Para el próximo Sínodo de Obispos ha elegido el Papa Francisco un tema de máxima importancia, el matrimonio y la familia. Un “documento preparatorio", que incluía un Cuestionario cuidadosamente formulado, fue enviado a los Obispos para que, en cuanto les fuera posible, aportaran las observaciones que estimaran pertinentes. Como es sabido, algunos periodistas, teólogos e incluso importantes Pastores de la Iglesia, han suscitado con esta ocasión a través de escritos o entrevistas unas “expectativas de cambios radicales” que en modo alguno vienen sugeridas ni en el Documento ni el Cuestionario que incluye. Esta circunstancia ha creado alarmas en no pocos católicos, como si fuera posible que la Iglesia se contradijera a sí misma, quebrando su fidelidad a la Escritura, a la Tradición y a la disciplina católica actual y secularmente mantenida.
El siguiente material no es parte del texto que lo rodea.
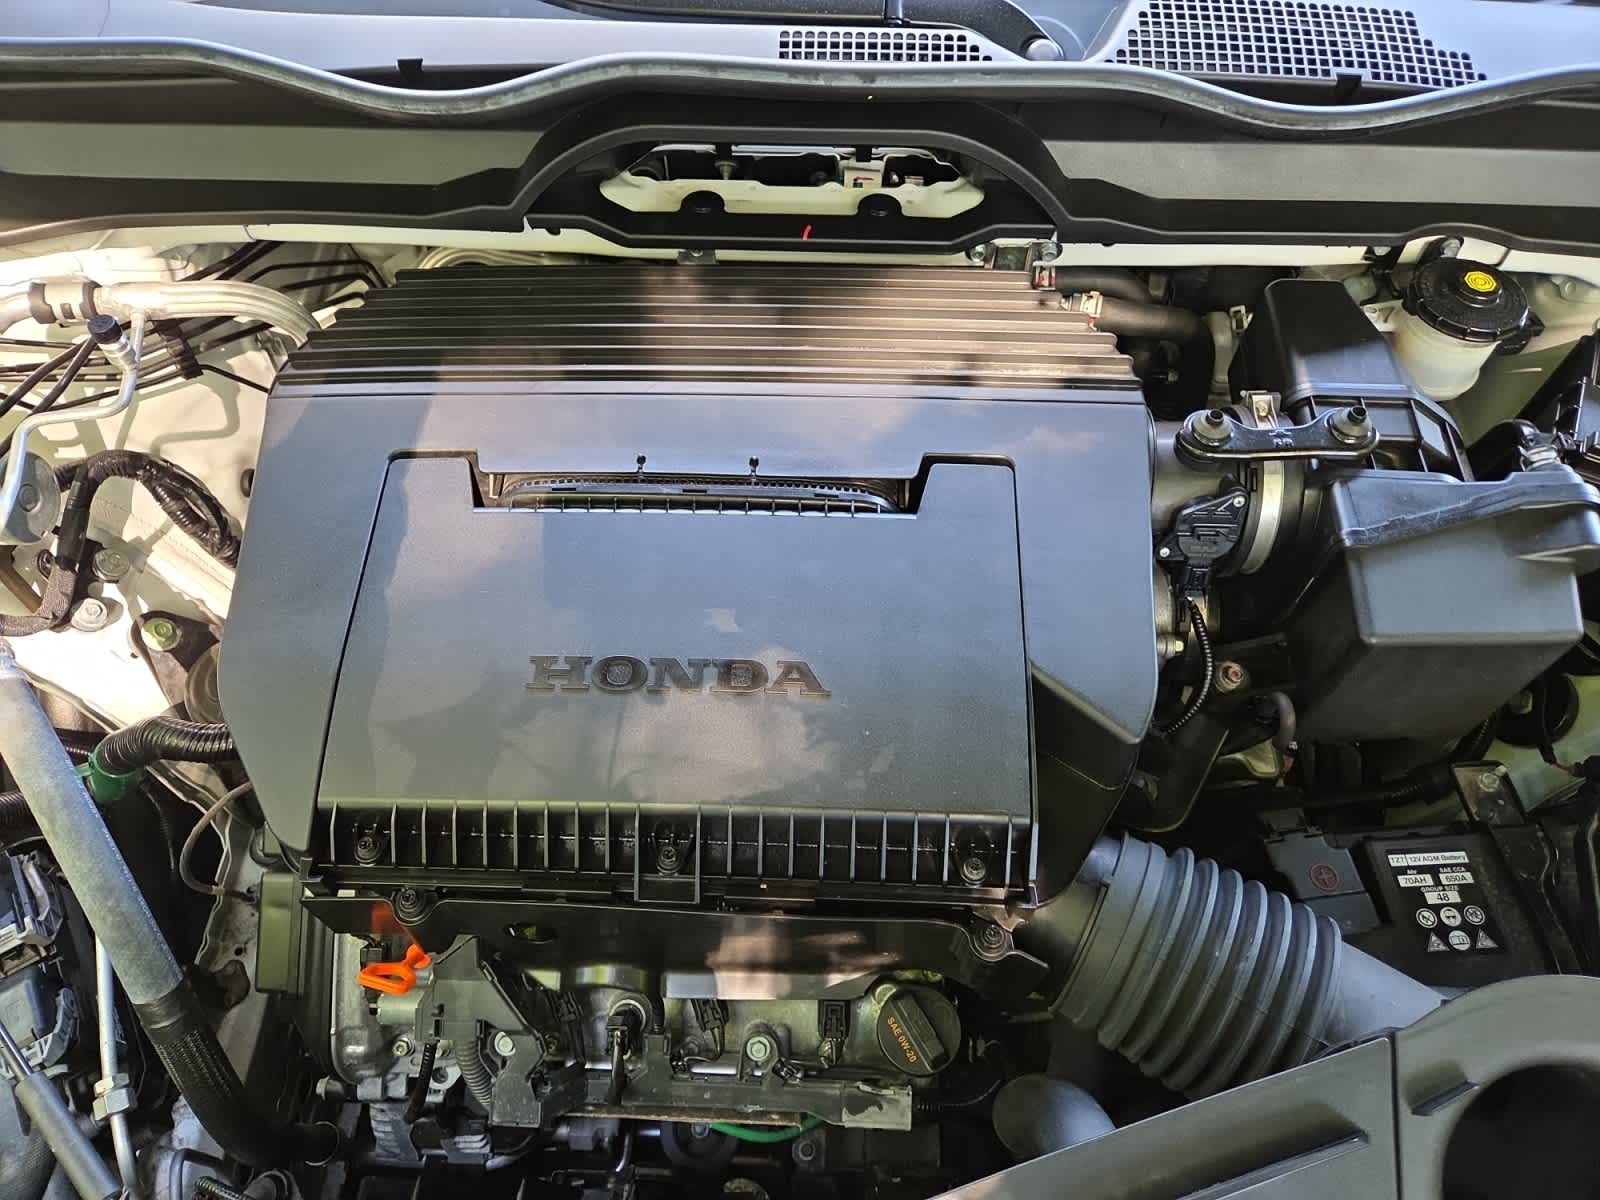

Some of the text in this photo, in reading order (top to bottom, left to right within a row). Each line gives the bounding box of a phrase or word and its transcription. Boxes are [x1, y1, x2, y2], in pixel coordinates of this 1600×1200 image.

[526, 655, 832, 696] HONDA
[1440, 853, 1465, 863] Battery
[1402, 876, 1427, 885] 70AH
[1445, 874, 1468, 883] 650A
[1437, 892, 1450, 902] 48
[887, 1016, 918, 1062] SAE 0W-20
Creo por eso conveniente recordar en esta gravísima cuestión algunos documentos e intervenciones importantes de la Iglesia.
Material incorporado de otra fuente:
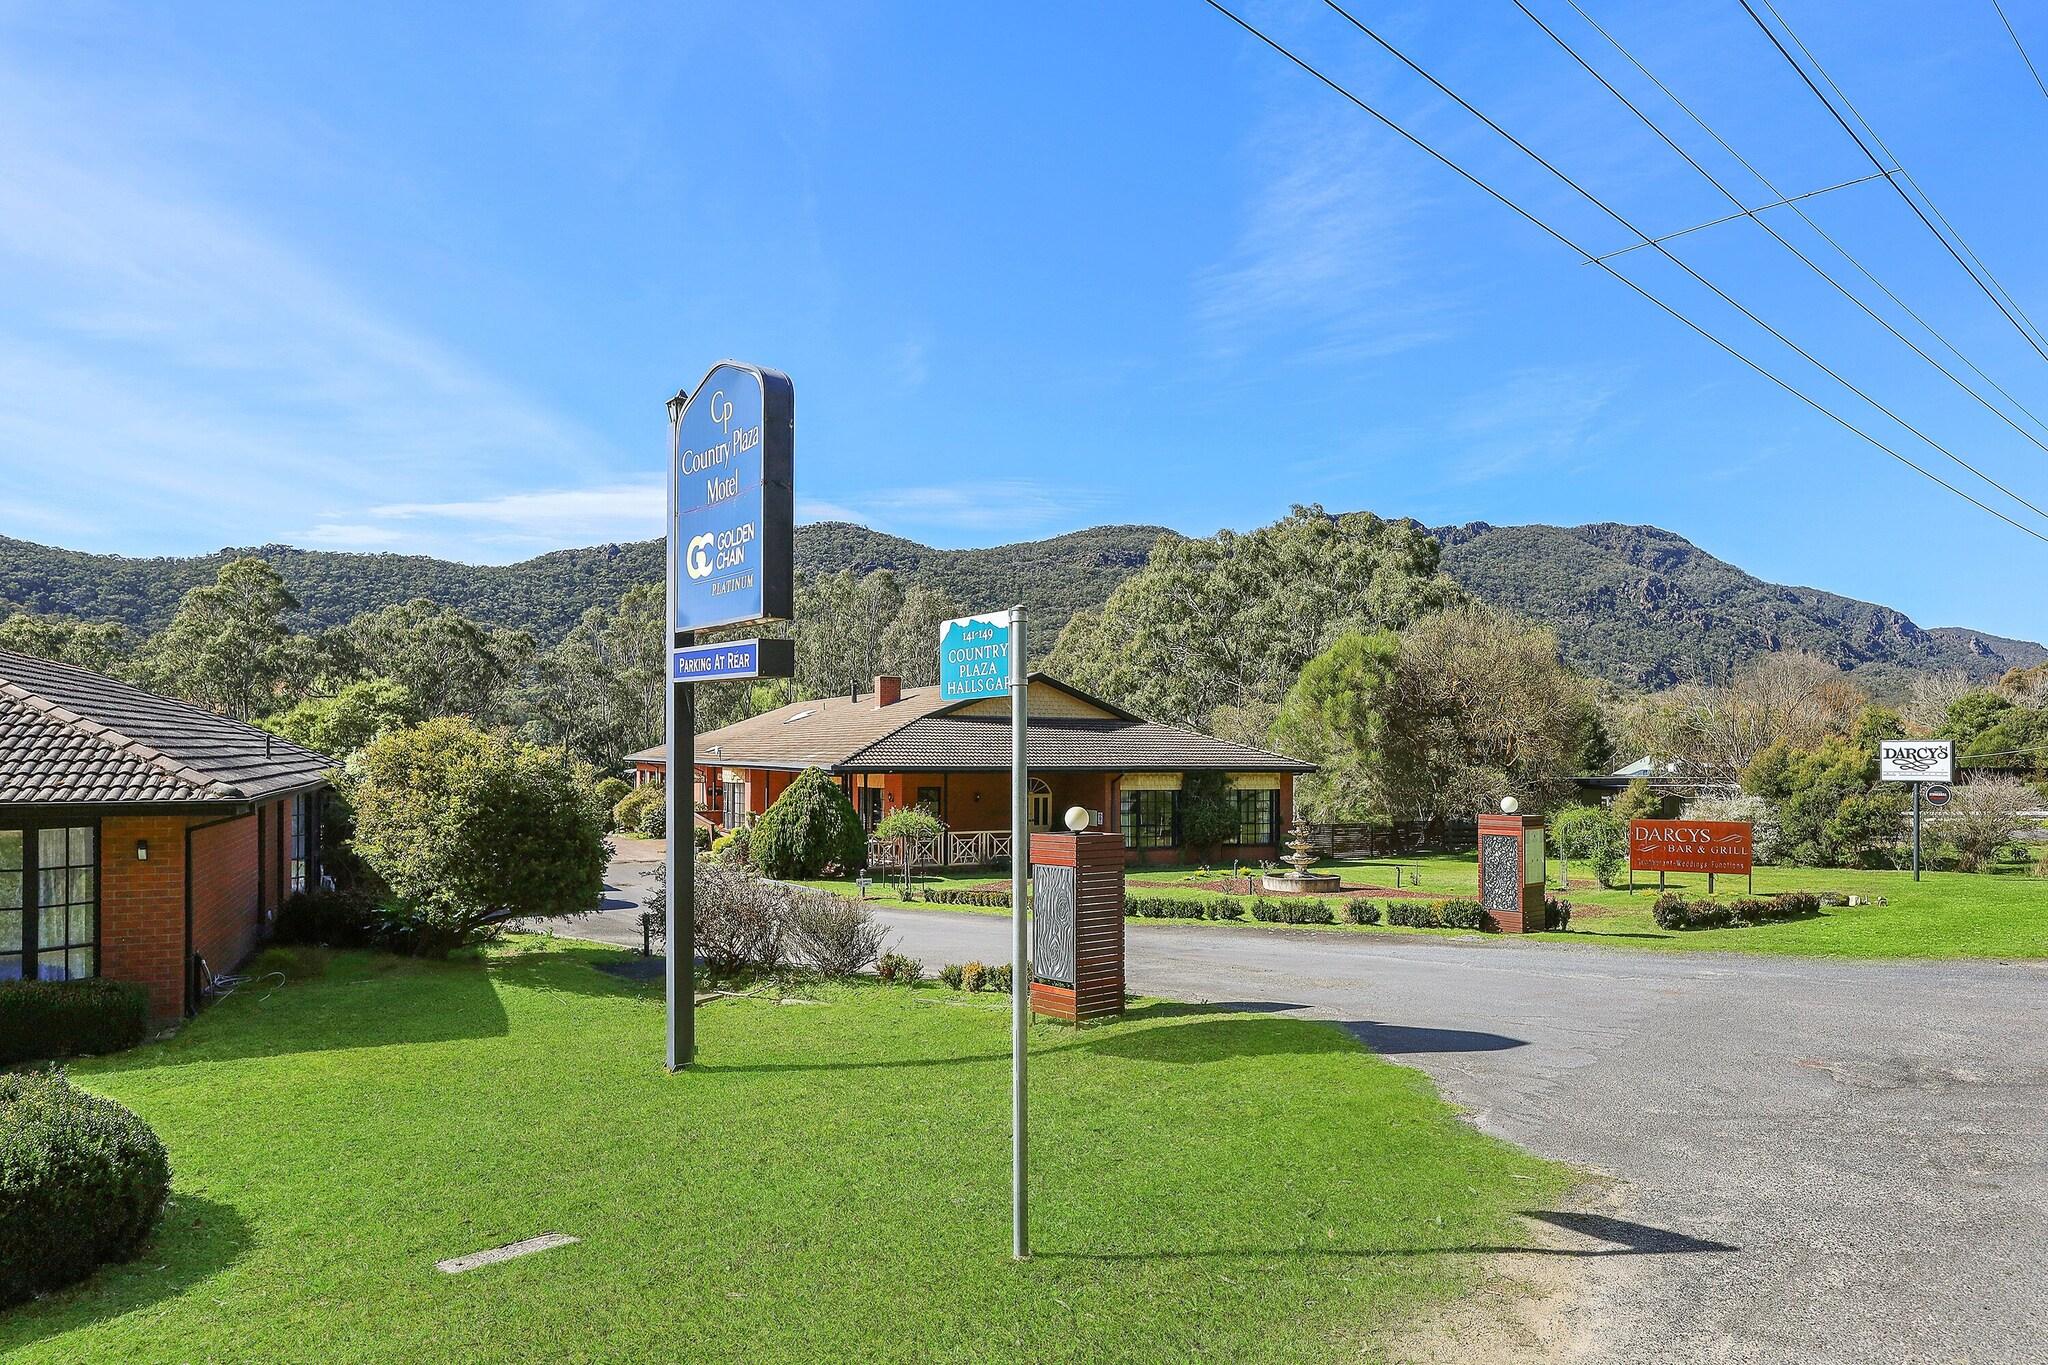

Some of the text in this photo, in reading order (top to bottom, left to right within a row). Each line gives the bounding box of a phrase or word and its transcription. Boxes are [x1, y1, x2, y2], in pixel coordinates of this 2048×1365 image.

Mucho tiempo ha pasado desde que San Ignacio de Antioquía, camino del martirio a Roma, escribió una carta a San Policarpo de Esmirna en la que afirmó lo siguiente: “Es apropiado que todos los hombres y mujeres, también, cuando se casan, se unan con el consentimiento del obispo, para que el matrimonio sea según el Señor y no según concupiscencia. Que todas las cosas se hagan en honor de Dios“.

Es evidente que hoy no hace falta que los fieles pidan permiso a su obispo para contraer matrimonio, aunque se mantiene la necesidad de la aprobación episcopal en matrimonios donde hay disparidad de cultos entre los cónyuges.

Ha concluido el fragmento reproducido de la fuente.